Construction was delayed significantly and the project cost about $5 million more than the district initially budgeted. A year after the expected completion date, Mariposa opened to fifth grade students in August 2018, and fourth and fifth grade students in August 2019.

== Statistics ==
=== Demographics ===
2022-2023, based on Tierra Linda's 2023 School Accountability Report Card':

- 458 students: Male (52%), Female (47.8%)

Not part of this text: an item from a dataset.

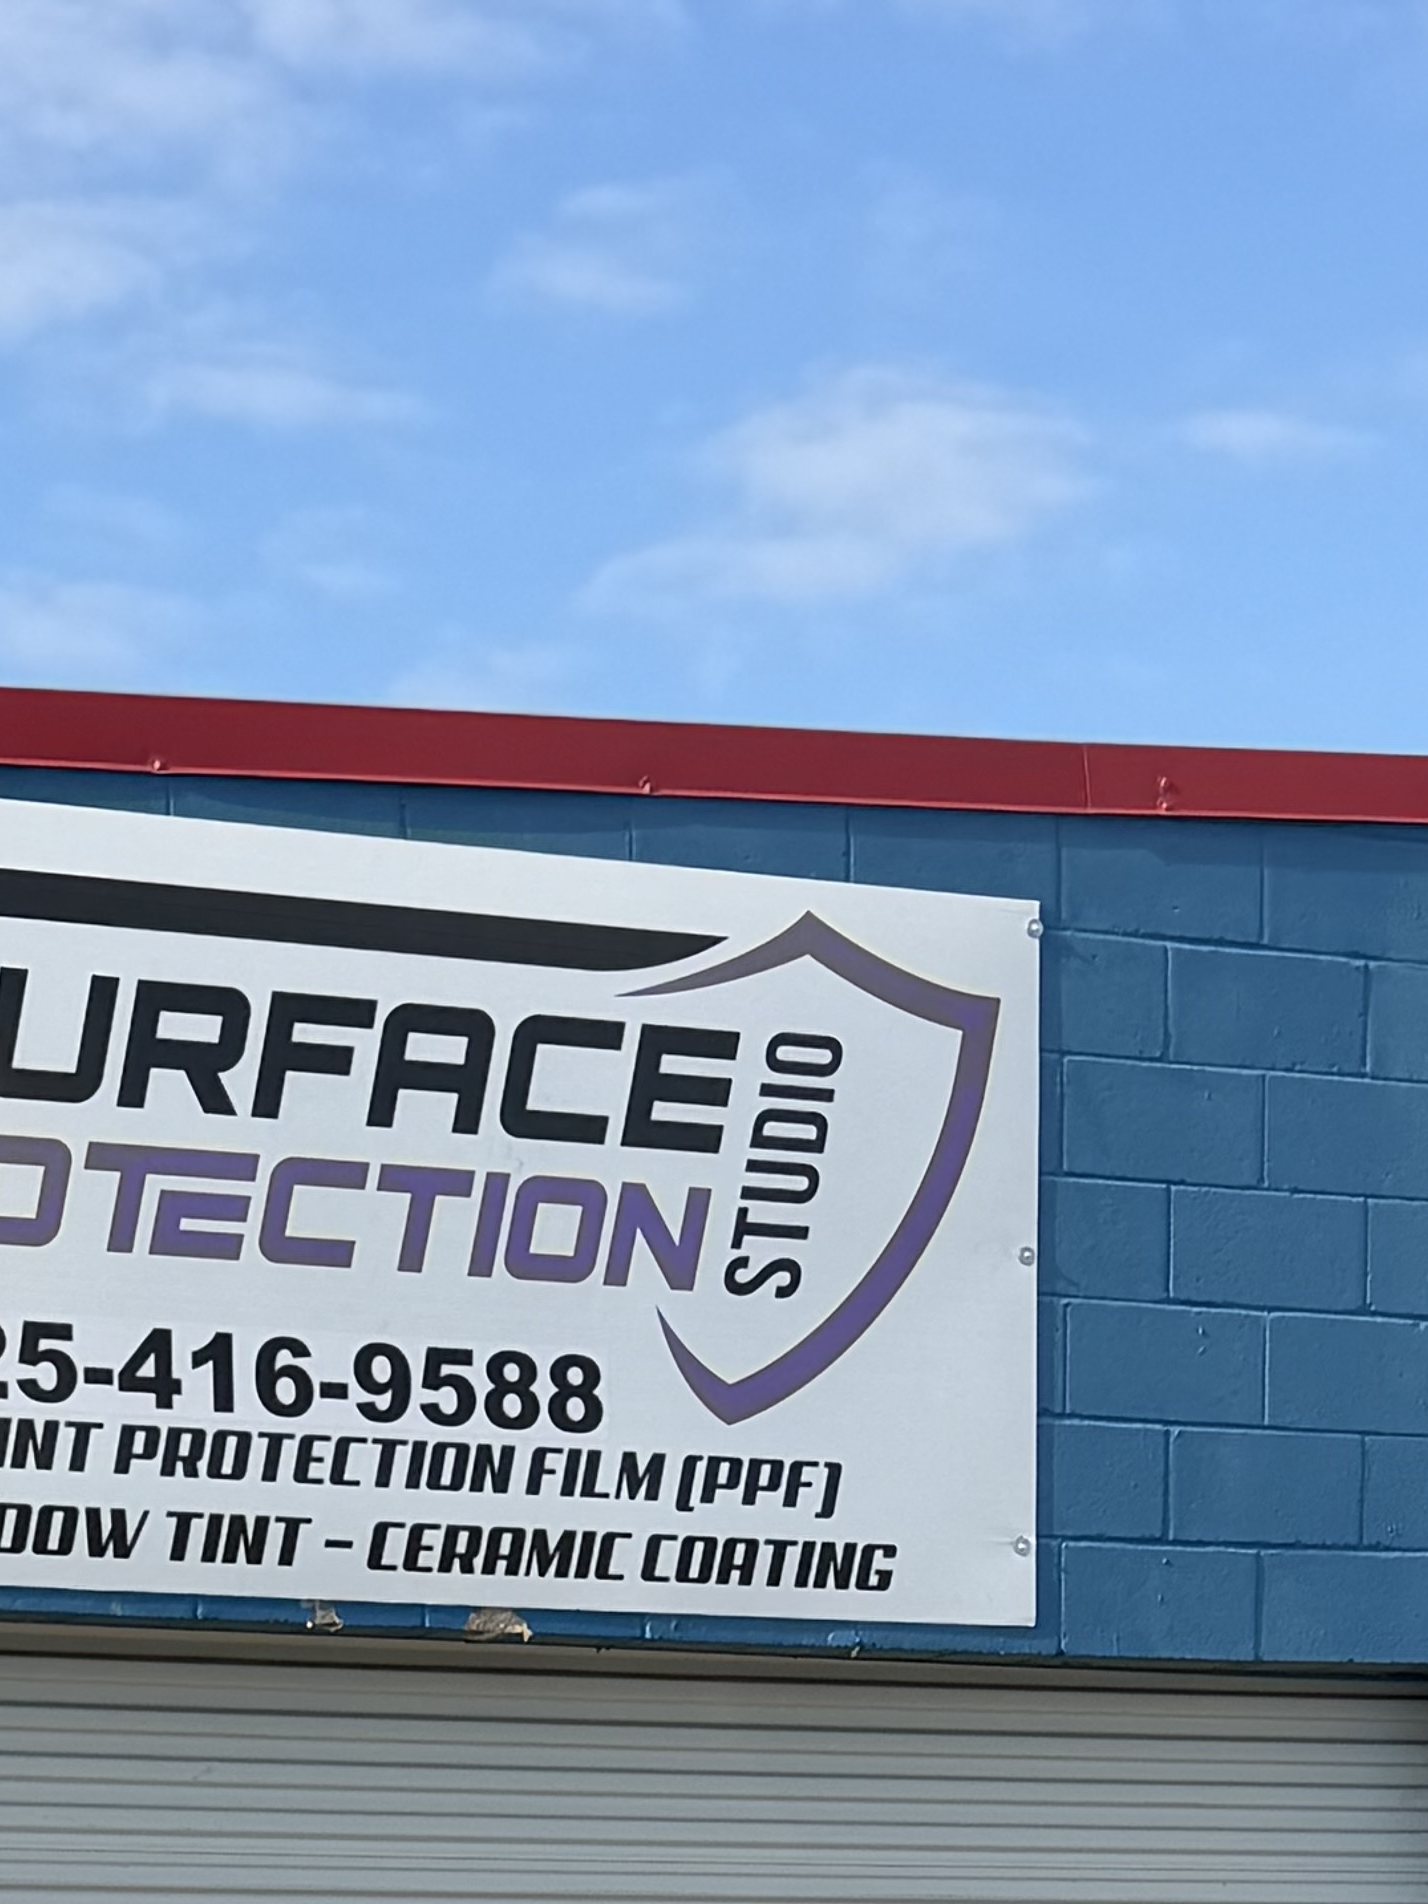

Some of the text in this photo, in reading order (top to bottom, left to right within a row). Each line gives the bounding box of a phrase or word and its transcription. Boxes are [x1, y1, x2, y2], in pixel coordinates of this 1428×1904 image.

|  | Hispanic | White | Asian | African American | Pacific Islander | Two or More Races | Total |
|---|---|---|---|---|---|---|---|
| Students | 14.4% | 45.6% | 23.8% | 1.1% | 0.7% | 12.4% | 458 |

Among the student body:

- 2.4% of students are English language learners
- 13.1% of students receive special education services
- 0.7% of students are homeless

== Speech and Debate ==

Since 2021, Tierra Linda Middle School has also had an active speech and debate team, competing at both local, national, and international tournaments. Notably, they won the NSDA Middle School National Tournament in 2024 and the Stanford Invitational in 2025, and championed the CHSSA Middle School State Championships in 2023 and 2024. The club's coach, math teacher Marty De, competed in Lincoln-Douglas Debate, U.S. Extemp, and Prose during high school and was a District Champion and National Qualifier.